Does that justify what he’s done? The answer is not the slam dunk many of his critics would like it to be. After all, many Berkeley citizens of our acquaintance have more than one residence: apartments in New York and Paris, cabins in Tahoe and Napa, even villas in Tuscany. David Teece, a part-time faculty member at UC’s Haas Business School (the proud tenant of the Mitsubishi Bank Chair in International Business and Finance and the moneybags behind the condo-ization of downtown Berkeley) is rumored to have at least five homes besides his Claremont District compound, including one in his native New Zealand. If Teece is a U.S. citizen (and dual citizenship is now possible) would his many mansions disqualify him from registering to vote in Berkeley or even from serving on the Rent Board? Probably not.  

So should Chris Kavanagh be prosecuted for sleeping over in Oakland, even if it’s most of the time? Probably not. And should signing two leases in adjacent cities be treated differently from owning two or more homes around the world? Probably not. We’ll even go out on a limb and predict that Supervisor Ed Jew will never be convicted of doing something similar or perhaps even more egregious in San Francisco (though he might be convicted of other crimes.)  

The question of what Kavanagh’s done wrong, ethically if not legally, still lingers, nonetheless. The loudest complainers against him have been Berkeley’s organized small landlords, which is odd considering that he ran on a platform supporting tenants’ rights. He wasn’t elected to defend landlords, though he was supposed to provide a fair shake for both sides in landlord-tenant disputes. If he hadn’t run, another pro-tenant candidate would have taken his place on the winning slate. 

It could be argued that David Teece has actually done more harm to Berkeley’s small landlords. The cash-register multiples that his surrogates have built to warehouse student renters seem to be out-competing local housing providers. 

If Chris Kavanagh’s harmed anyone, it’s tenants.
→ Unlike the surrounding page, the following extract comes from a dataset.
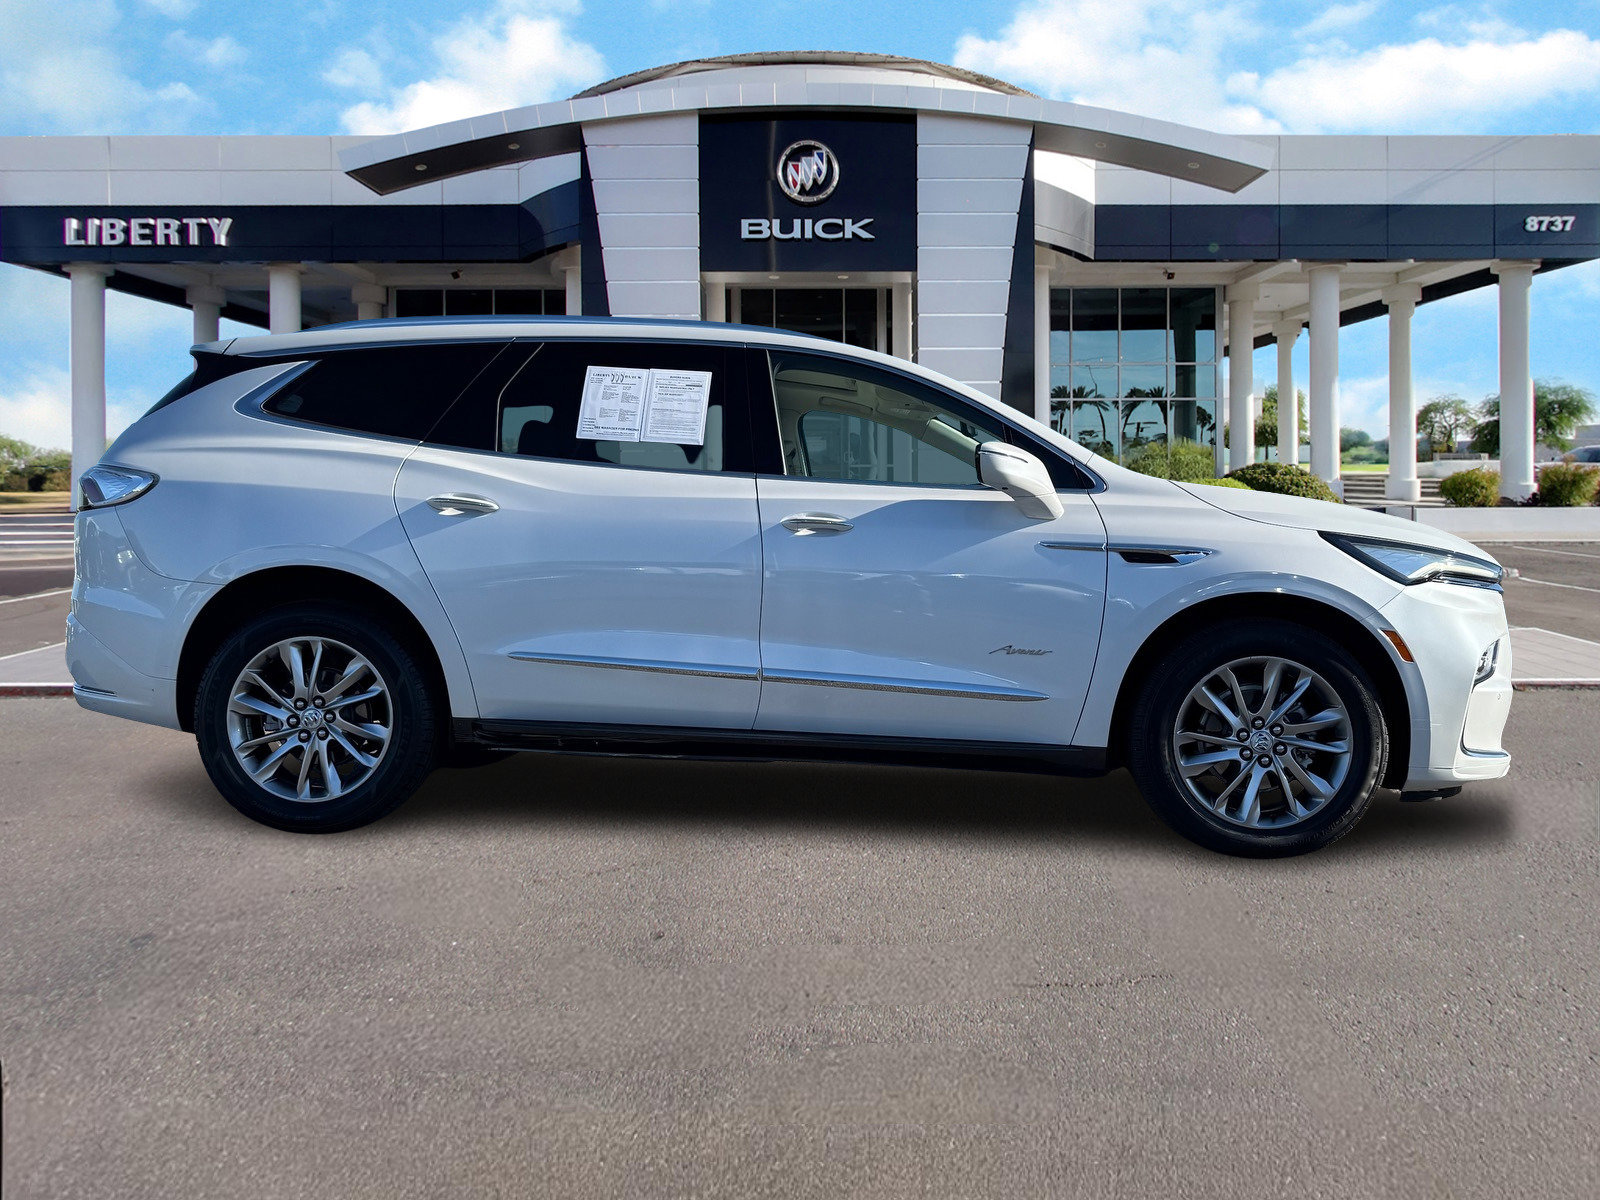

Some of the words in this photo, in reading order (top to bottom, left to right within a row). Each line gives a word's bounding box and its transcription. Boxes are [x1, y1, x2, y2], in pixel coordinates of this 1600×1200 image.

[64, 217, 233, 246] LIBERTY
[740, 218, 876, 239] BUICK
[1524, 215, 1576, 232] 8737
He’s probably no worse than any of the other cynical baby boomers who have stockpiled and sublet rent-controlled units in Berkeley and Manhattan though they can and do afford to live elsewhere. (Yes, we know you’re out there.) But that doesn’t justify his quasi-public thumbing his nose at the voters’ justified expectation that he live in Berkeley. He risks giving the whole tenants’ rights movement a black eye in the public consciousness, and he’s not doing the Green Party any good either.